One of the city’s go-to homeless shelter contractors is slated to revive a shuttered 65-bed facility on Grand Avenue, with case management and healthcare services on site.
Alders voted to allocate $500,000 toward that effort — part of just over $1 million approved on Monday evening for helping people with nowhere else to go.
Upon This Rock Ministries, a local Christian organization that the city has contracted to operate multiple warming centers in recent years, bought the single-story commercial building at 645 Grand Ave. from Immanuel Baptist Church’s Emergency Shelter Management Service earlier this year. The church did not respond to a request for comment for this story.

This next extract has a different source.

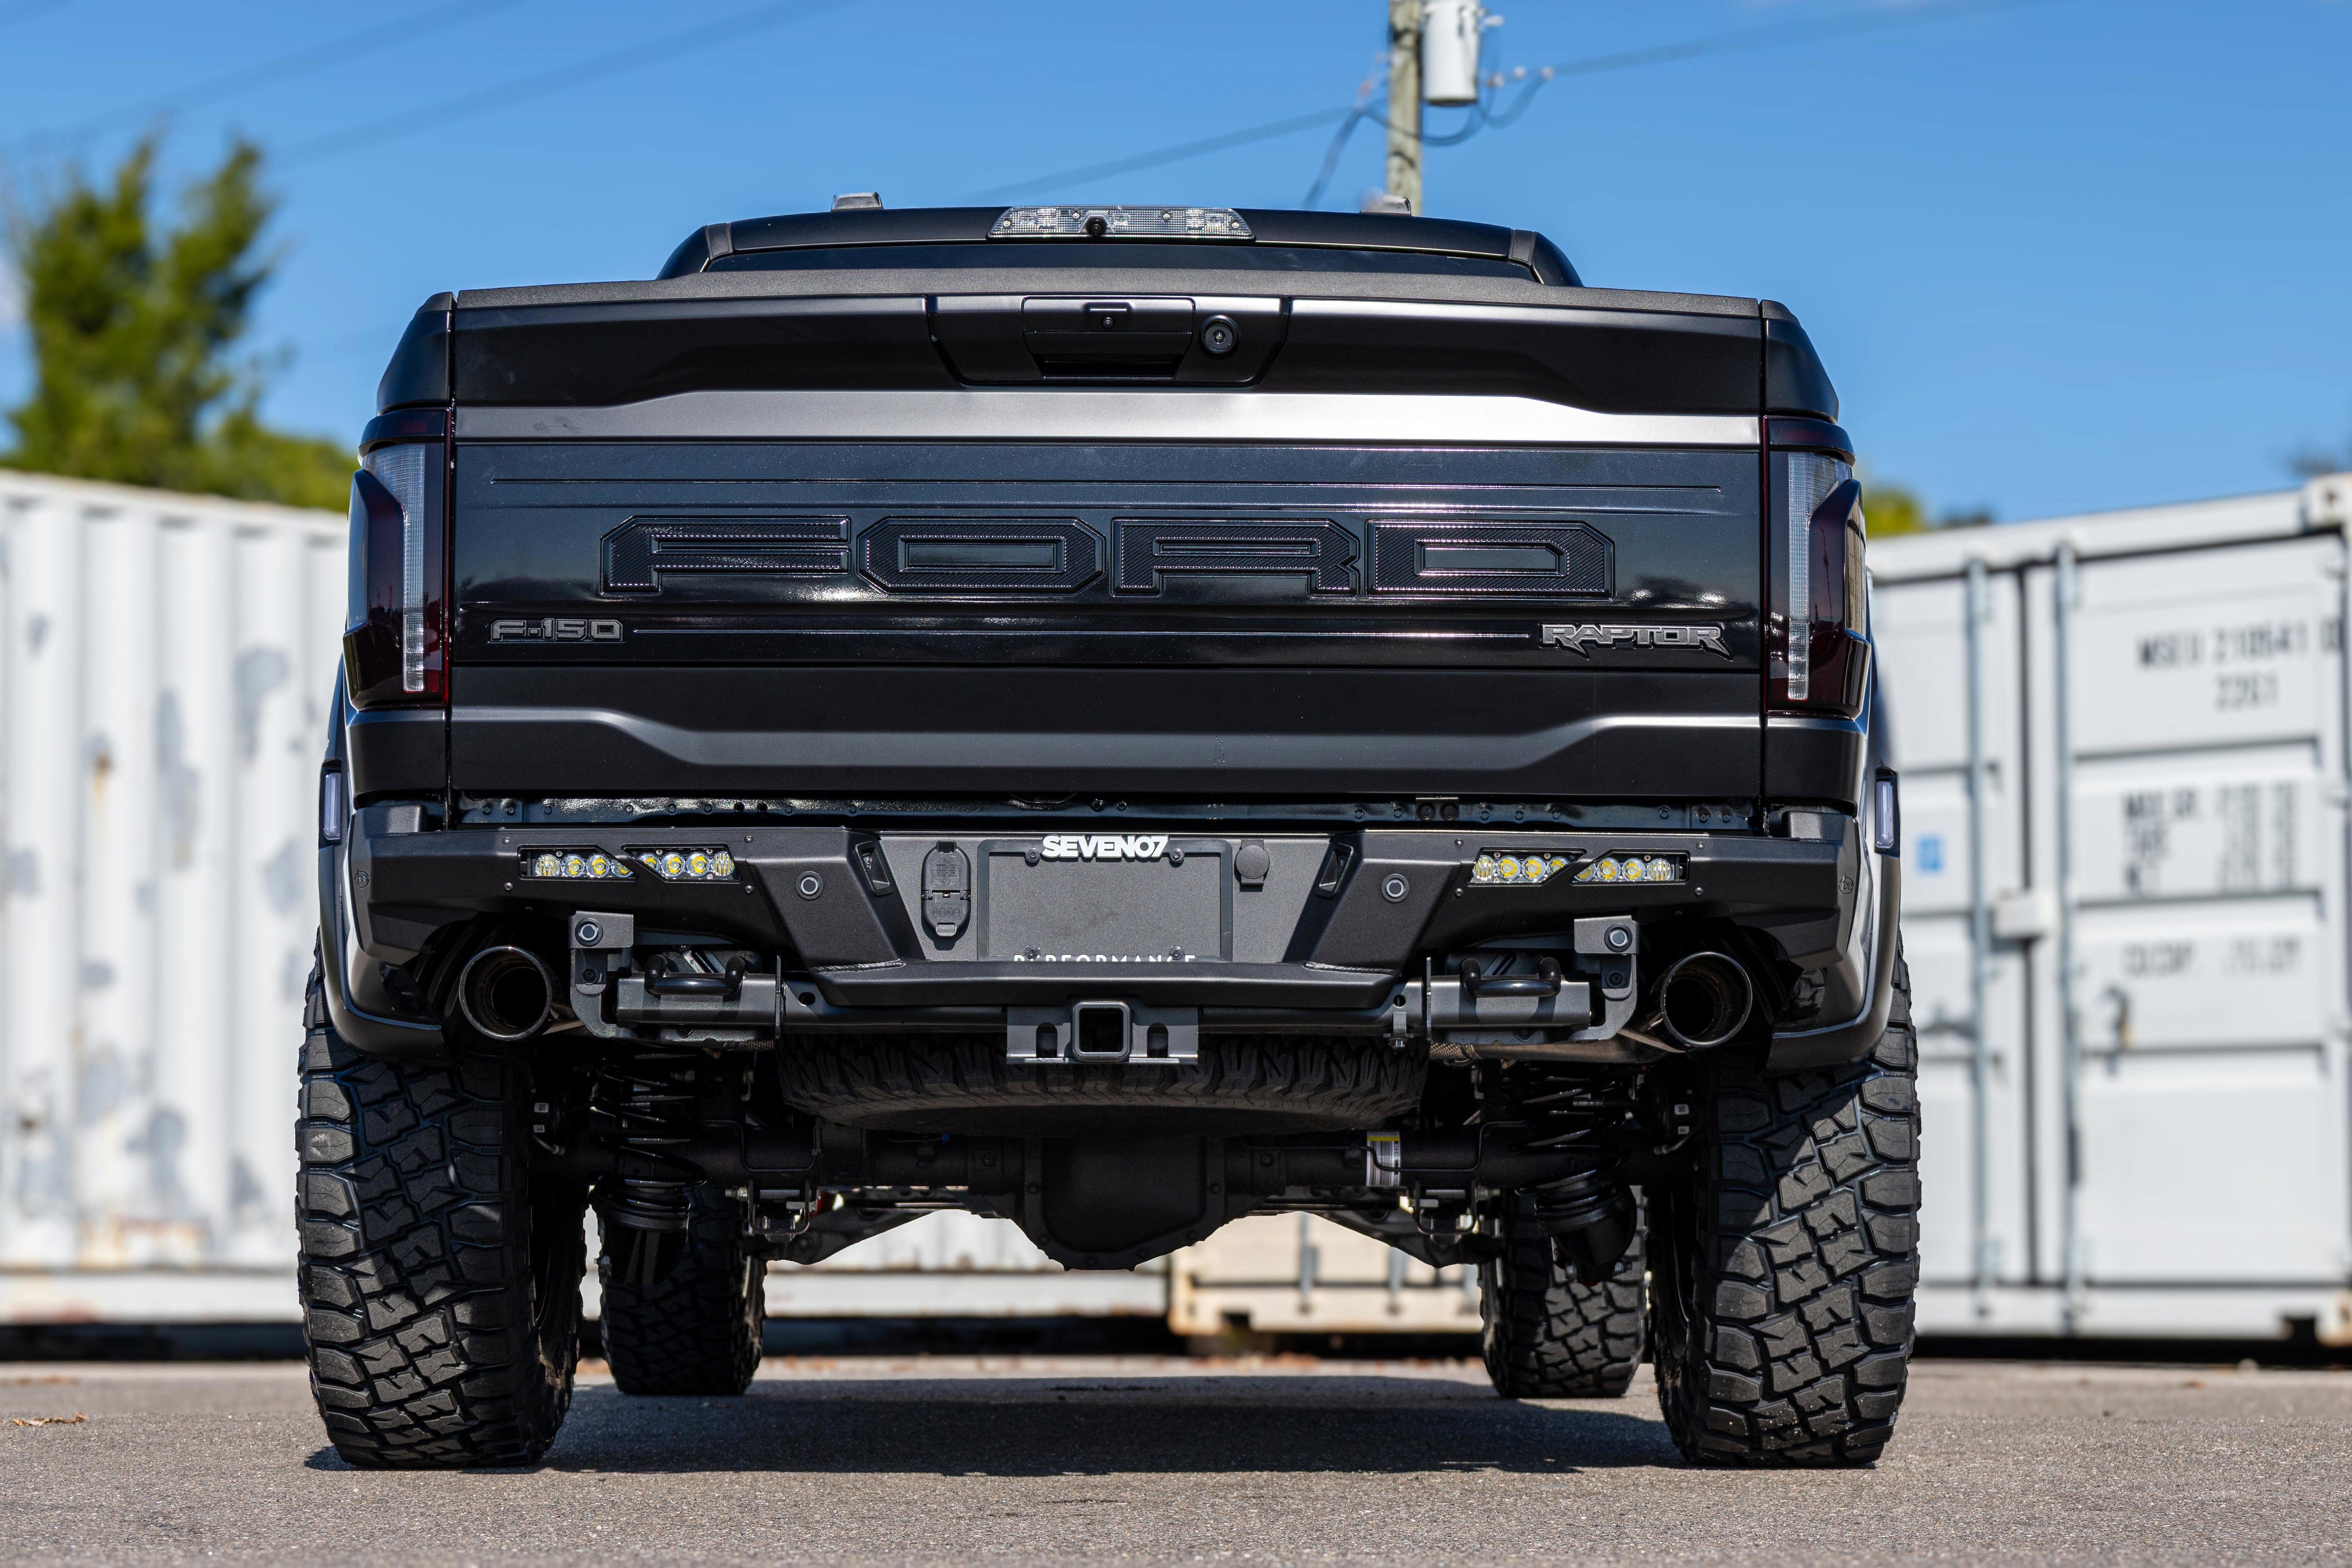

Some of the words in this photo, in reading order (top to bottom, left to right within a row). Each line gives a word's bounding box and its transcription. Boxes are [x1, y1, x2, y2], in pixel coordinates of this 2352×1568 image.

[600, 515, 1614, 599] FORD
[491, 618, 623, 641] F-150
[1539, 624, 1733, 661] RAPTOR

The building sold for $475,000, according to a deed posted to the city’s land records database on March 27.
The shelter closed down at the start of the Covid-19 pandemic in 2020. At their full board meeting in City Hall on Monday, alders unanimously approved a $500,000 city contract with Upon This Rock to “establish and operate” a shelter for 65 men in that space from July 1, 2024 to June 30, 2025.
“This is a site that has been offline since Covid and we’re very excited to bring it back online and have these beds available for our neighbors who are experiencing homelessness,” said Sarah Miller, speaking on behalf of the Health and Human Services committee.

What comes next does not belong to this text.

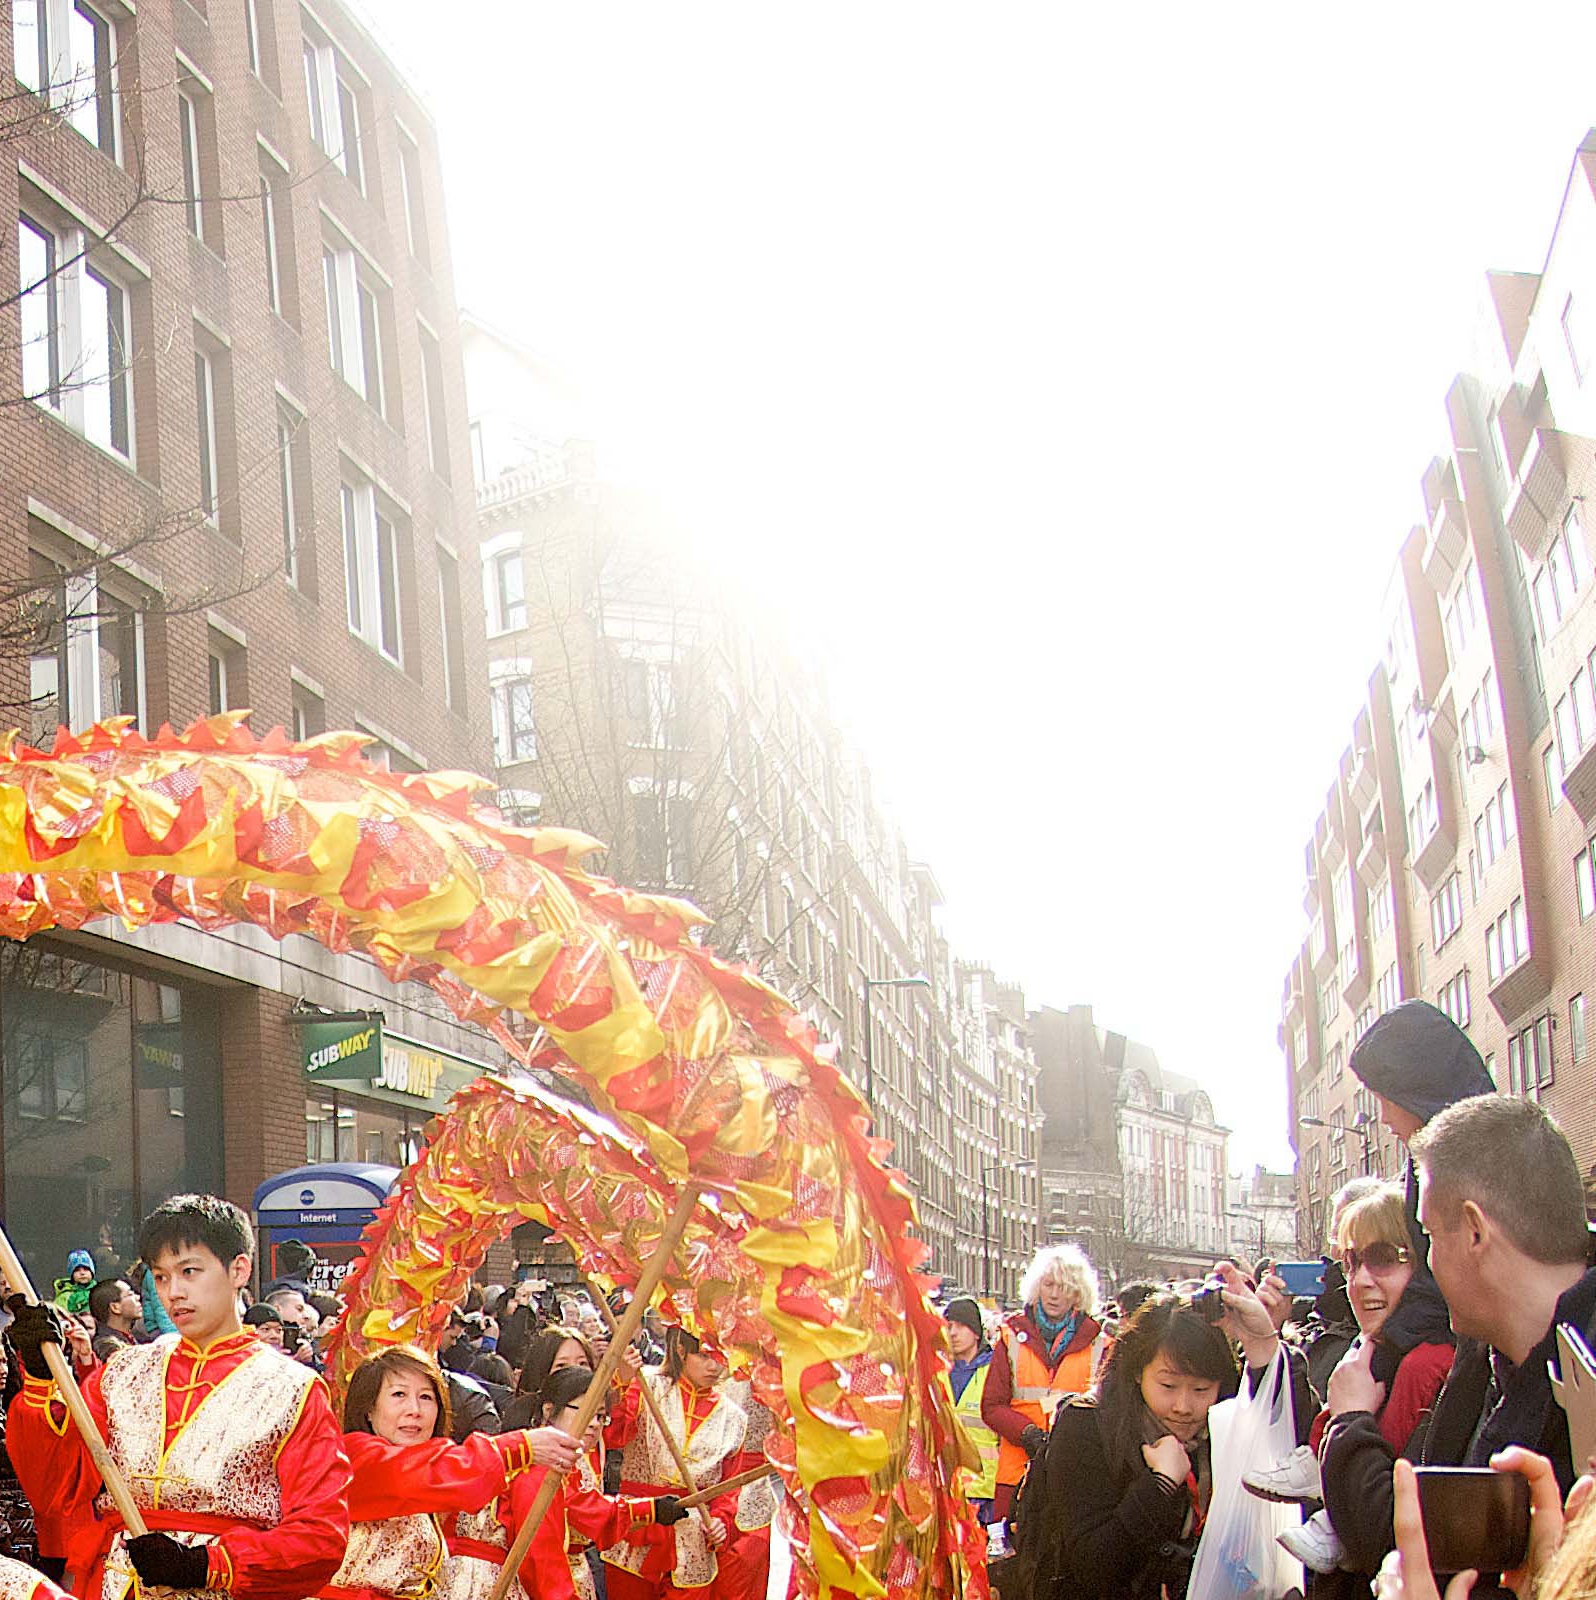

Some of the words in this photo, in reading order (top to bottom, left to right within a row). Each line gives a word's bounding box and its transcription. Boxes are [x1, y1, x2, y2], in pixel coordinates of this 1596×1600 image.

[306, 1027, 376, 1073] SUBWAY
[370, 1041, 444, 1099] SUBWAY
[300, 1212, 337, 1223] Internet

The Grand Avenue shelter had once been notorious for allegations of bedbugs, mold, and substance use on the premises.
In an interview, Miller expressed confidence that Upon This Rock will be able to operate a well-run shelter. “Pastor Valerie Washington is a very good administrator,” said Miller, who said she previously worked with the ministry’s founder while coordinating pandemic “learning hubs” at Clifford Beers. “I’ve seen also the relationships that she builds with people on the street,” she said. “She has lived experience that helps her to understand what people are going through.”

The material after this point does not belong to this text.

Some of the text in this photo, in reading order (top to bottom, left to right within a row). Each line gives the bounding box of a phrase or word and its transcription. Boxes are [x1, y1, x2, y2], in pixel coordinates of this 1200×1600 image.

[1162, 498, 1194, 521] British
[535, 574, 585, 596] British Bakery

In a June presentation to the Health and Human Services Committee, city Homeless Services Coordinator Velma George said that the Grand Avenue Shelter will take “referrals only,” not walk-ins, “so there will be no lines.”
George told the committee that evening, “in my years working in homeless services, this is the most [people] I’ve ever seen on the street. It just breaks my heart.”
On Monday, alders also approved funding for the following programs:
• $130,000 for eviction prevention funds at Liberty Community Services, including rent and utility assistance programs as well as education programs for tenants. George explained in June that financial literacy and tenant training classes can help reassure landlords reviewing housing applicants with eviction records.
• $117,000 for Liberty Community Services to continue offering drop-in resources at its “navigation hub” at 210 State St., while expanding its library-based outreach to three library branches in the city (adding an outreach worker at Fair Haven, Stetson, and Wilson). The resources provided include showers, laundry, meals, harm reduction supplies, employment and housing assistance, and medical and mental health care.
• $205,000 in “gap funding” for New Reach’s Life Haven Family Shelter, a shelter for 20 families comprised of women and children at a time.
• $100,000 in “gap funding” for Christian Community Action’s Hillside Family Shelter, which has the capacity for 17 families at a time and provides “family coaches” who connect clients to all kinds of resources.
• $65,000 in “gap funding” for Christian Community Action to continue providing utility and rent assistance.
“Even with all of this, we still have tremendous need,” Miller said in an interview. There’s a need, she said, for “a comprehensive solution for the city that provides everybody with an option for shelter. … We have more work to do.”
"The State Has A Big Problem"
The Grand Avenue block where the shelter is slated to reopen was quiet after Wednesday morning’s rain.
Two blocks away, Fernando Morales and Kiki Moreno headed out of an outpatient substance use treatment center, Multicultural Ambulatory Addictions Services (MAAS), on East Street. Both Morales and Moreno now have housing in various parts of New Haven, but said they’d previously stayed in a variety of homeless shelters for years at a time.
Moreno and Morales also called for more attention to the root causes of homelessness. They both argued the spread of fentanyl, a synthetic opioid associated with 84 percent of unintentional overdose deaths in Connecticut last year, is responsible for much of the homelessness that they’ve witnessed.
“The state has a big problem,” said Morales, and the current treatment resources aren’t enough to address people’s needs.
Moreno added that psychological and emotional support is especially necessary for people experiencing both homelessness and addiction.
Morales also noted how hard it is to find a place to live without a solid credit score, or with a criminal record, or with a past eviction. “The landlords put pressure on us,” he said, arguing that the state should provide more housing for people struggling to find private landlords who will rent to them.
“I see people waiting six years, seven years, eight years” for housing, he said.
Based on their personal experience, they offered advice for Upon This Rock’s new shelter: stay open beyond the winter months, and don’t kick people out when morning comes.
Many unhoused people need “something to pass the day,” said Morales.
“Like card games,” Moreno said. “Or bingo.”